Language impairment (LI) in children is often attributed to various factors including intellectual disability, autism and hearing loss. However, it is reported that approximately 7% of the global childhood population experiences LI in the absence of evident causative factors [1]. Children with LI are often faced with social communication, behavioural, educational and vocational difficulties. Such disorders can be complicated when children receive bilingual or multilingual exposure, the latter being a common occurrence worldwide. Bilingual exposure has particular relevance to the language-learning context of Maltese children. LI in children can often be addressed by a customised intervention programme drawn up by a professional speech-language pathologist (SLP) on the basis of assessment and regular review of the child’s speech and language skills. However, children often lose engagement when subjected to repetitive therapy activities and lengthy assessment procedures. This impinges on the effectiveness of the intervention. Moreover, speech-language sessions offered in public health clinics often take place during school hours, disrupting the child’s routine. Furthermore, with guardian(s) often being engaged in full-time work, it becomes an issue to accompany children during the sessions.

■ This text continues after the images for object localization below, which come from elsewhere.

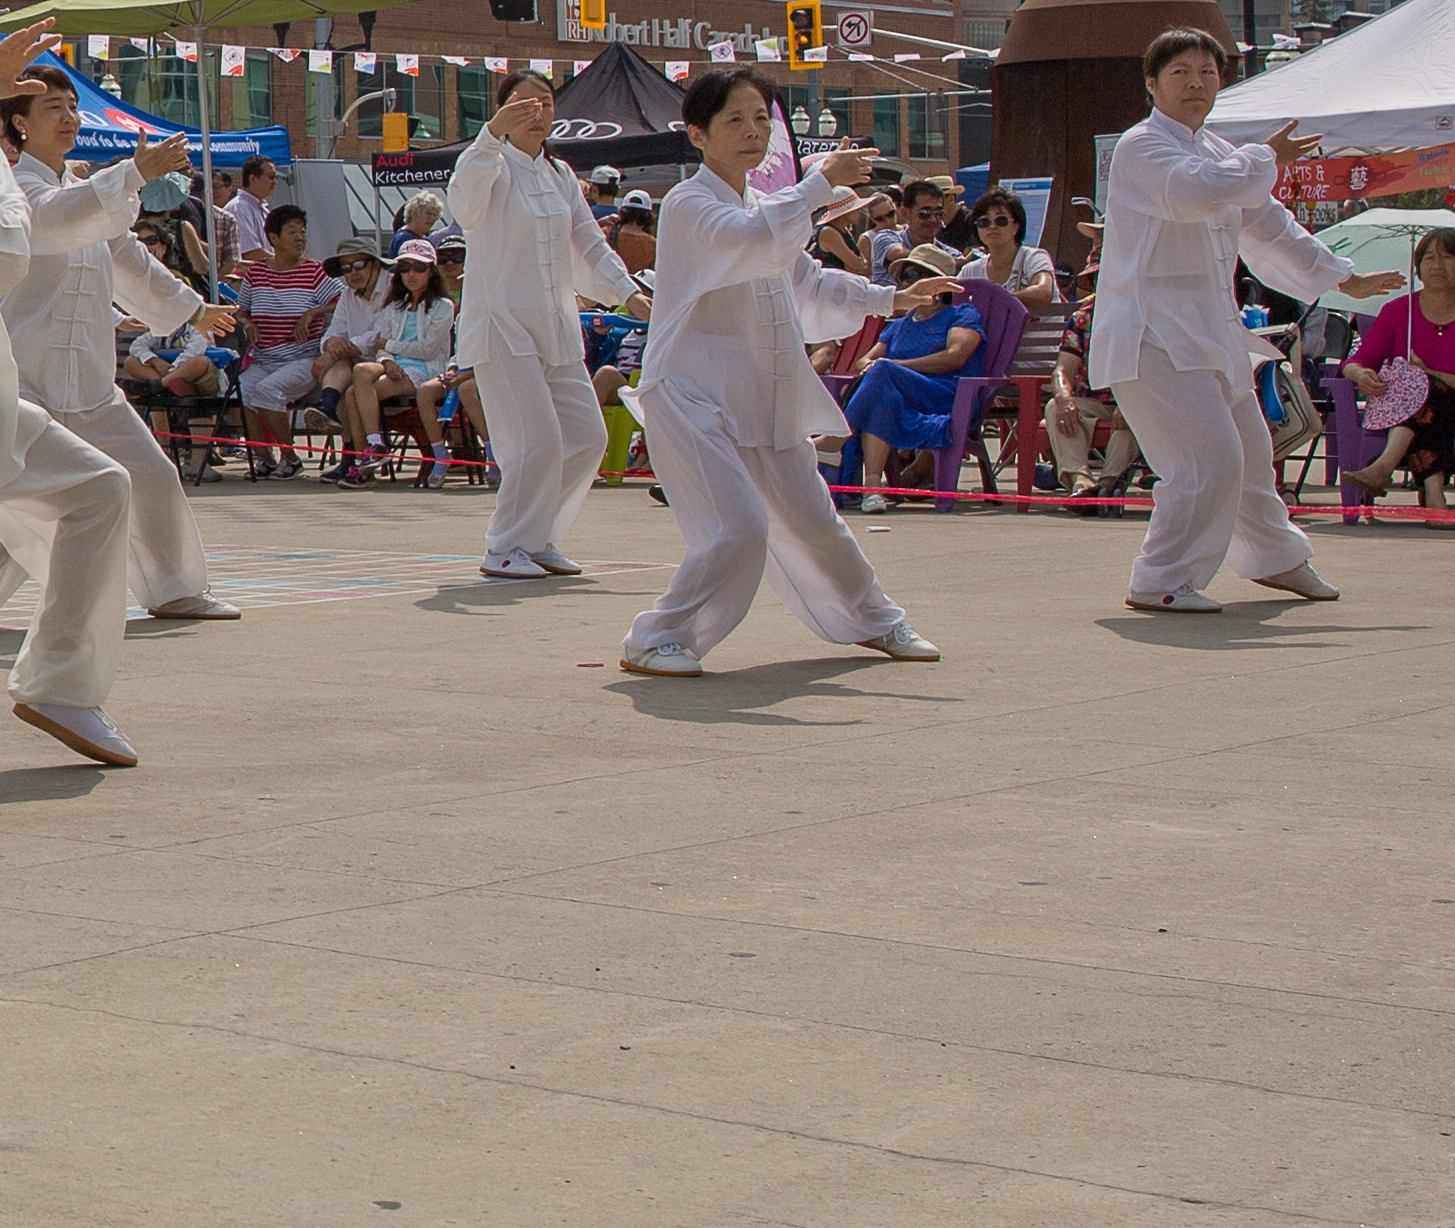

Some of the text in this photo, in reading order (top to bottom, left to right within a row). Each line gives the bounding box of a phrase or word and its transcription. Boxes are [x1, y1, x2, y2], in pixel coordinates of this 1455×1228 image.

[651, 18, 692, 48] Half
[376, 153, 414, 168] Audi
[375, 168, 451, 185] Kitchener
[1316, 164, 1325, 182] &
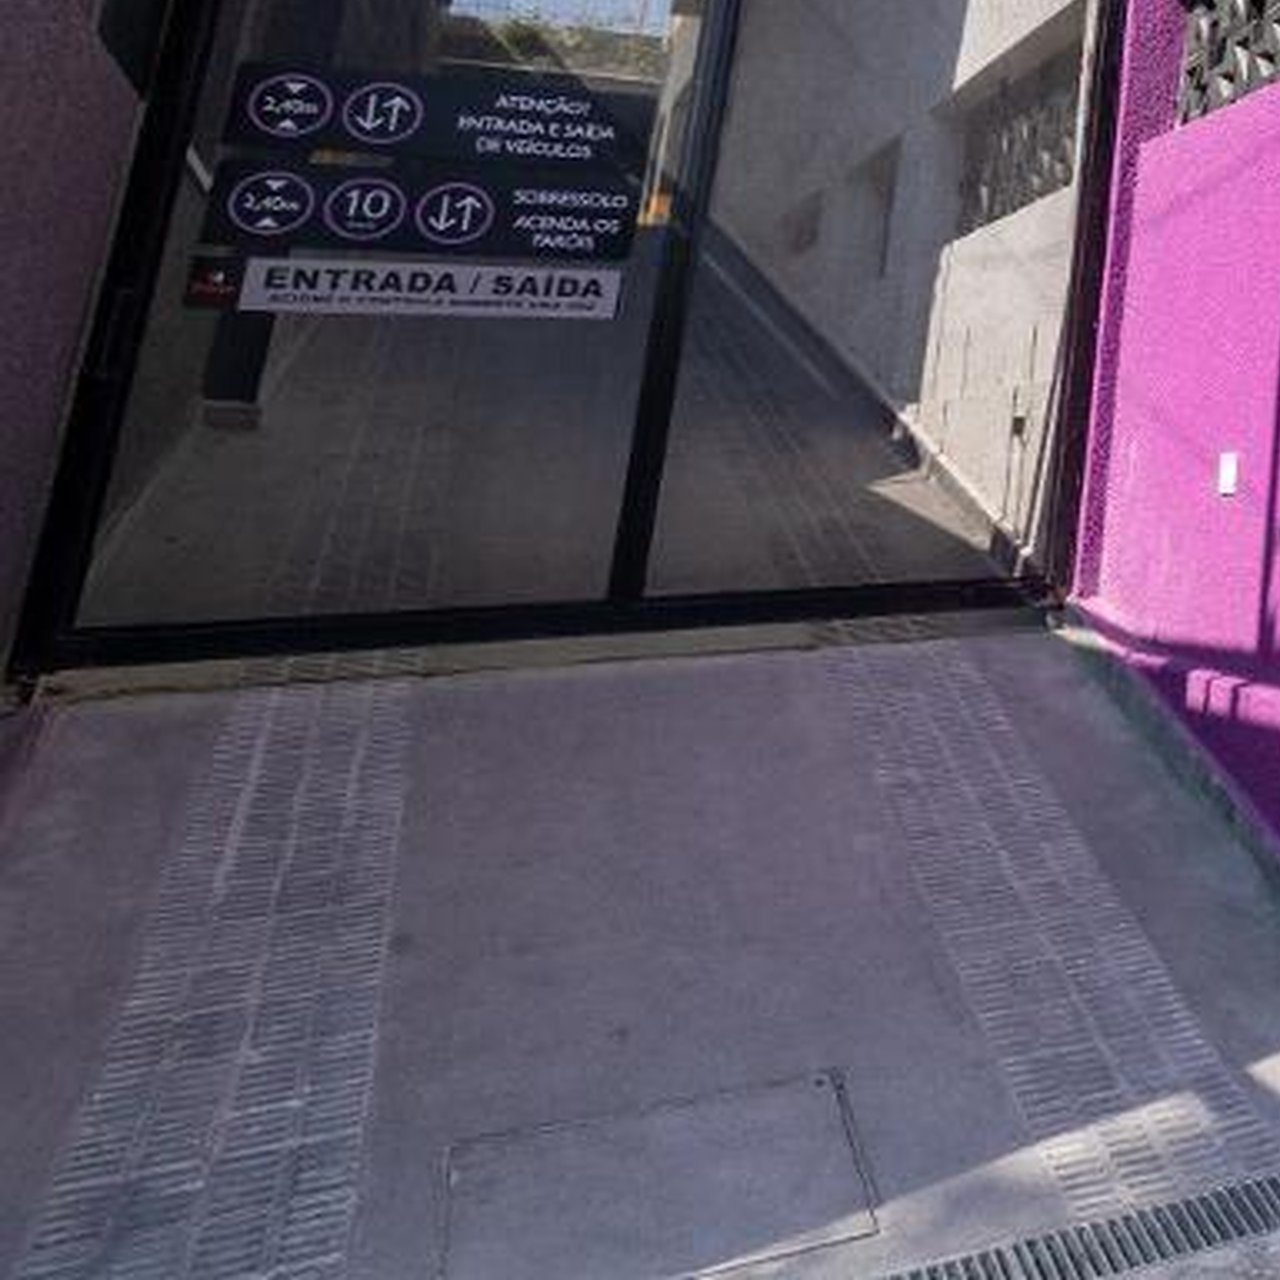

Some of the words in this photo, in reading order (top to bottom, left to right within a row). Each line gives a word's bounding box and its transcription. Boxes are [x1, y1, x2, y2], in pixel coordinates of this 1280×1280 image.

[458, 116, 545, 134] ENTRADA
[346, 189, 391, 218] 10
[264, 267, 457, 295] ENTRADA

Within this context, five academics from four departments within the University of Malta and an industrial partner teamed up to design and implement a novel, multi-modal device, for which the name SPEECHIE was coined, in order to facilitate speech and language therapy for children with LI both within and beyond the clinical setting. The features of the device are aimed at improving the speech and language skills of children with LI, which in turn would reflect positively on their learning, behaviour and social interaction.  SPEECHIE will be developed as a smart educational toy that entices children to engage with the designated exercises by creating a more rewarding and motivating environment. SPEECHIE is being co-designed with children. In fact, children are being involved in the development of the toy together with the research team members. The intended outcome is an assistive product that will help children with LI engage more in their speech therapy sessions.

The project (reference number R&I-2015-042-T) is under the coordination of Dr Ing. Philip Farrugia and financed by the Malta Council for Science and Technology (MCST) through the FUSION Technology Development Programme 2016.


[1] Leonard, L.B. (2014) Children with Specific Language Impairment (2nd ed.) Cambridge: MIT Press.